Decía Napoleón: «Para hacer la guerra hacen falta tres cosas: dinero, dinero y más dinero. Hay guerras más baratas pero se suelen perder». Pensaba esto al leer sobre la nueva estrategia para el autismo en Inglaterra. Esta supone invertir alrededor de 75 millones de libras esterlinas para los siguientes cinco años, enfatizando en:
– Encontrar formas de reducir los tiempos de espera para el diagnóstico de niños y jóvenes.
– Mejorar los tiempos de espera y la calidad del diagnóstico y post-diagnóstico en adultos .
– Aumentar la comprensión pública del autismo implementando una iniciativa nacional a largo plazo.
– Proporcionar £ 18,5 millones para evitar que las personas autistas tengan alguna crisis de salud mental y £ 21 millones a las autoridades locales para ayudar a quienes estén en hospitales de salud mental a regresar a la comunidad.
– Mejorar la comprensión sobre el autismo capacitando a profesionales de la educación, autoridades laborales y personal de primera línea en el sistema judicial.
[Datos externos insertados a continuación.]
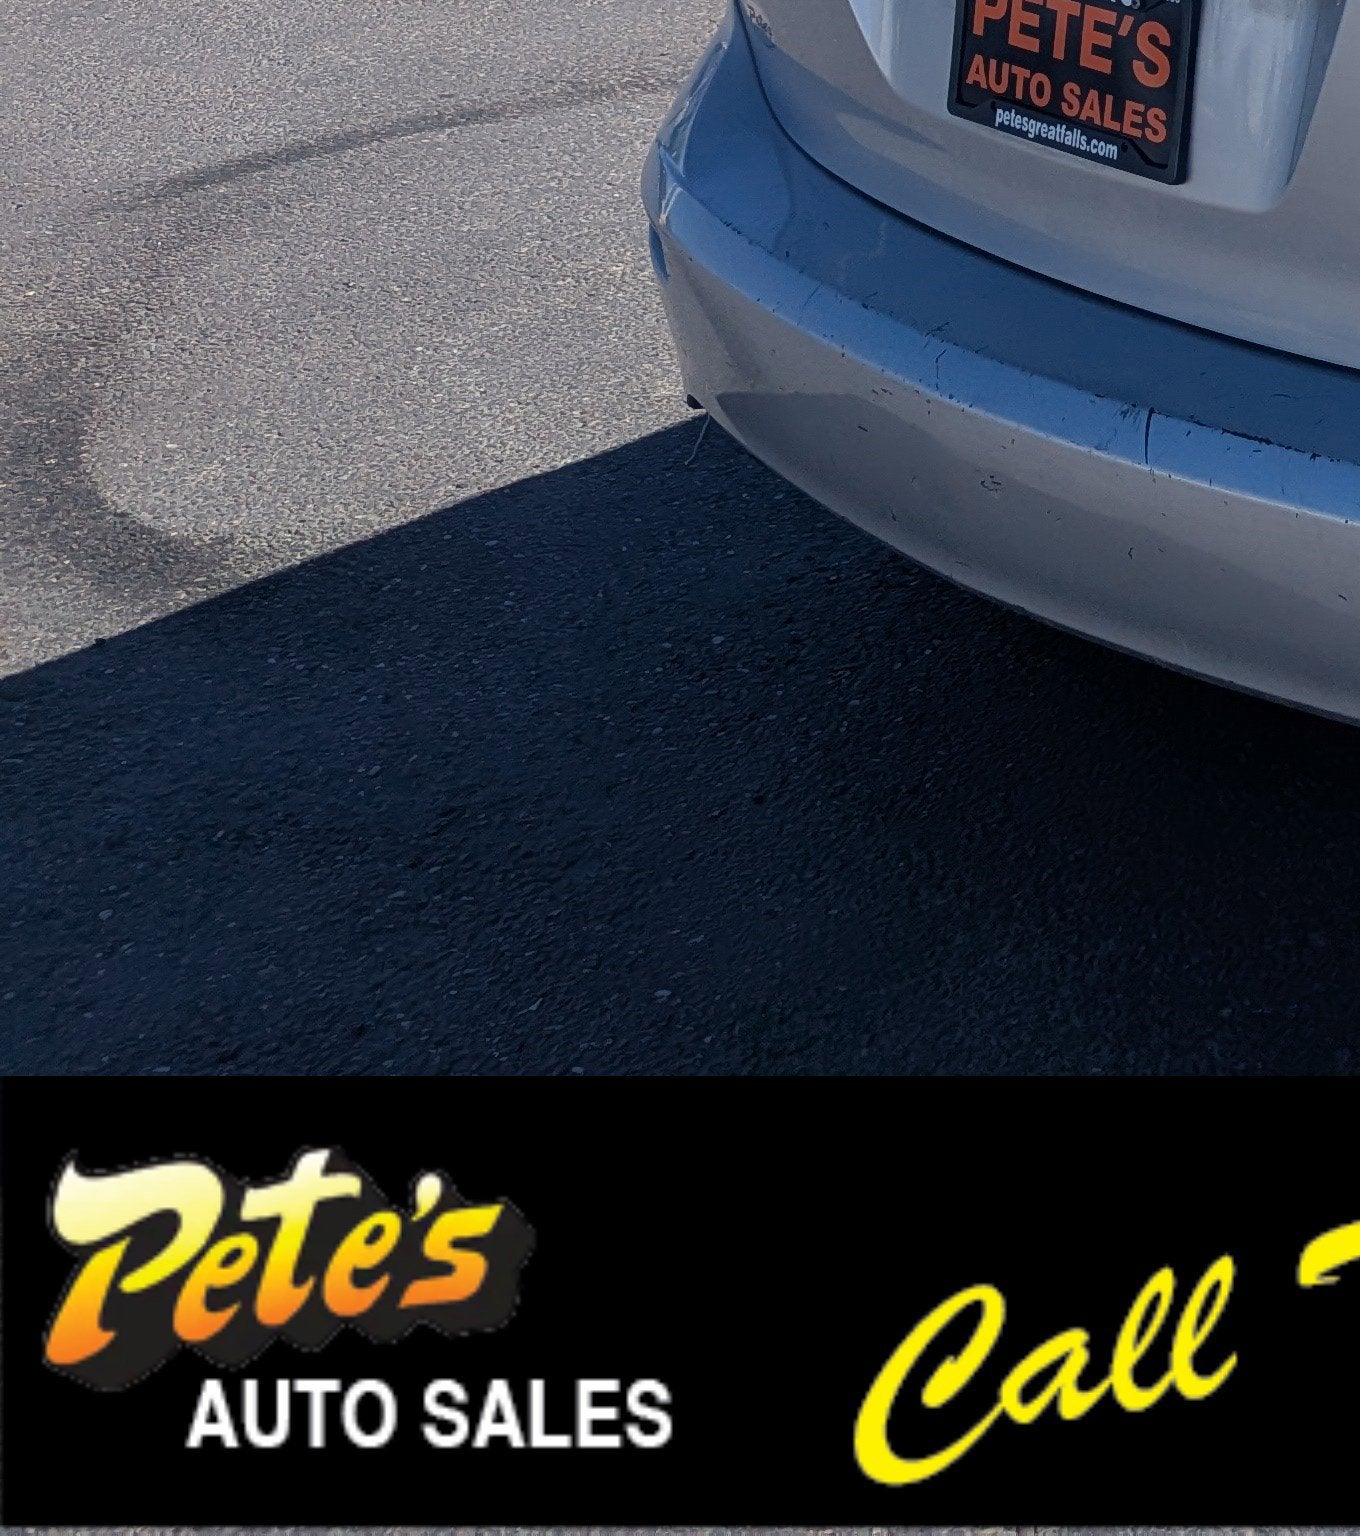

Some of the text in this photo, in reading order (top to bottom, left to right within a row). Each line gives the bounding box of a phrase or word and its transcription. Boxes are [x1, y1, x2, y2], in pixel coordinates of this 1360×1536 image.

[965, 53, 1167, 144] AUTO SALES
[995, 107, 1118, 160] petesgreatfalls.com
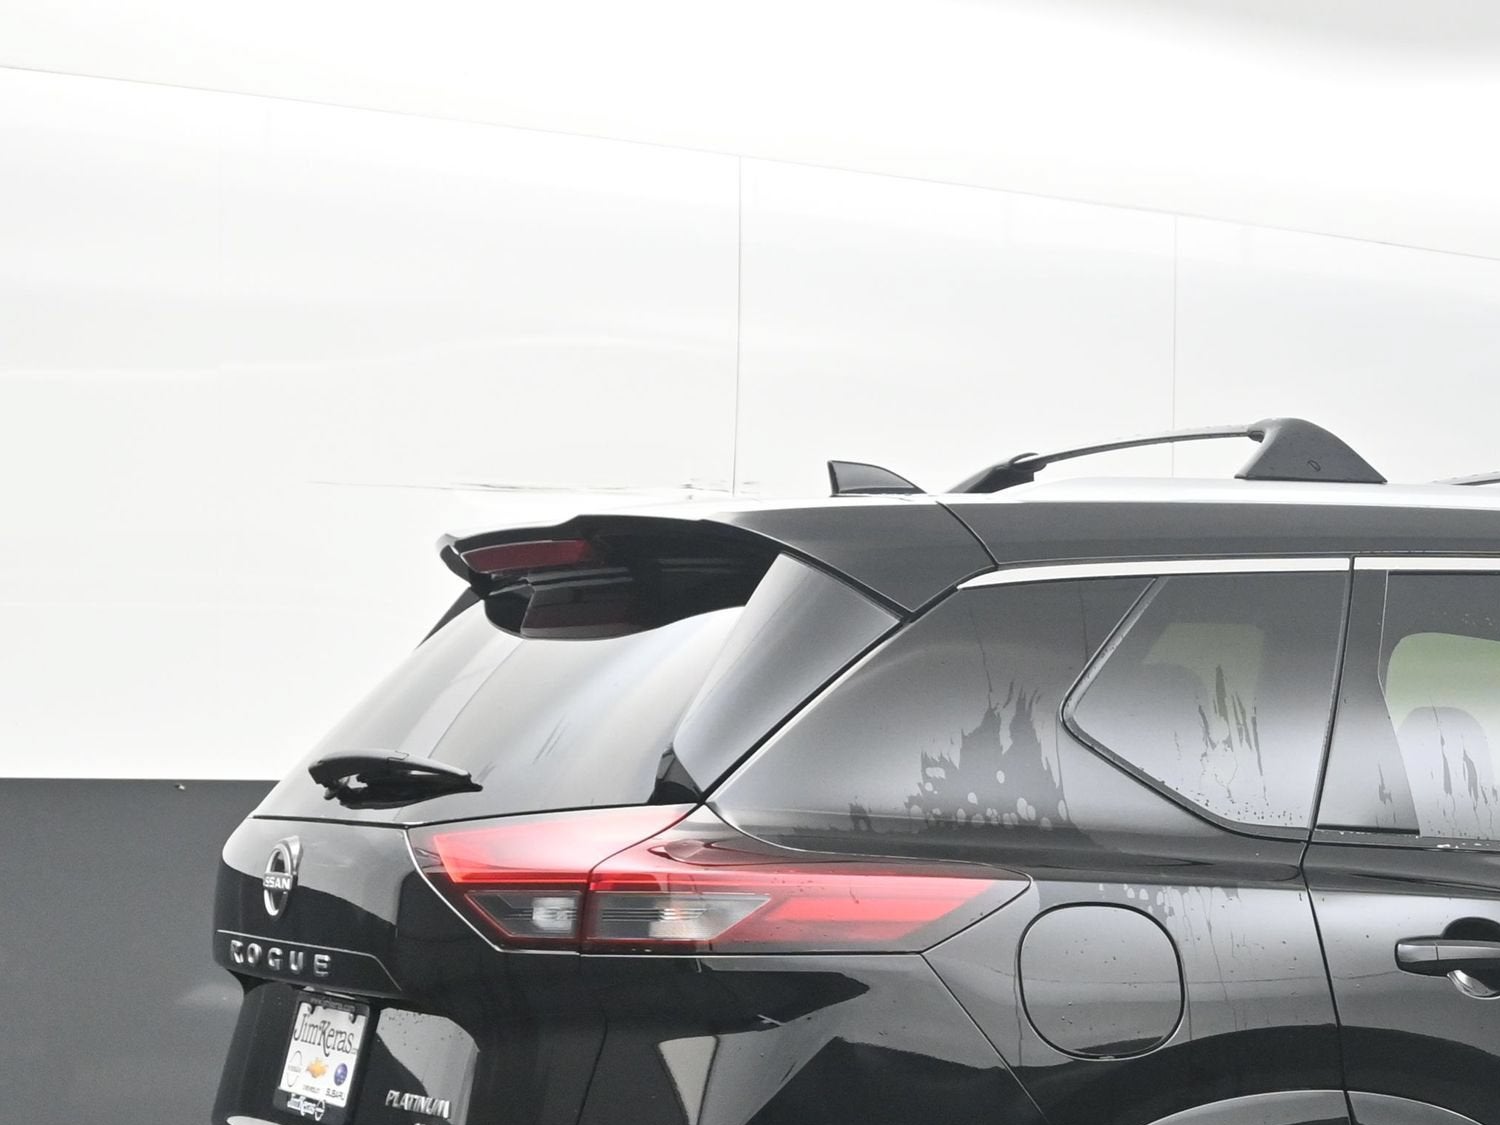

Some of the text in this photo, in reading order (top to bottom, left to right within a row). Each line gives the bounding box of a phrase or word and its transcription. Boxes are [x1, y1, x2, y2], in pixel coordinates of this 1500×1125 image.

Evidentemente, no estamos en una guerra contra el autismo sino contra la desidia, a favor de mejorar la calidad de vida de los autistas. Esta se da mejorando los accesos a servicios de detección, educación, salud y empleo con personal capacitado en autismo que brinde los apoyos y ajustes necesarios para cada persona, considerando una sociedad concientizada en el respeto y la convivencia. Y para lograr todo ello se requiere dinero, dinero y más dinero. No disponer de él explica por qué perdemos continuamente la batalla en dar servicios adecuados y espacios que se traduzcan en notables mejoras del bienestar en la población autista.

En nuestro país, el presupuesto destinado al trabajo en autismo es inexistente. Es una labor perdida de antemano. Es, como decíamos en otro artículo, cuestión de «suerte», el autista no tiene derechos, tiene «suerte», si la tiene.

Sin políticas públicas, sin presupuesto, sin ajustes razonables ni profesionales capacitados, entre «buenismo» y demagogia azul, 300 mil autistas peruanos ven perdida la batalla por su bienestar todos los días.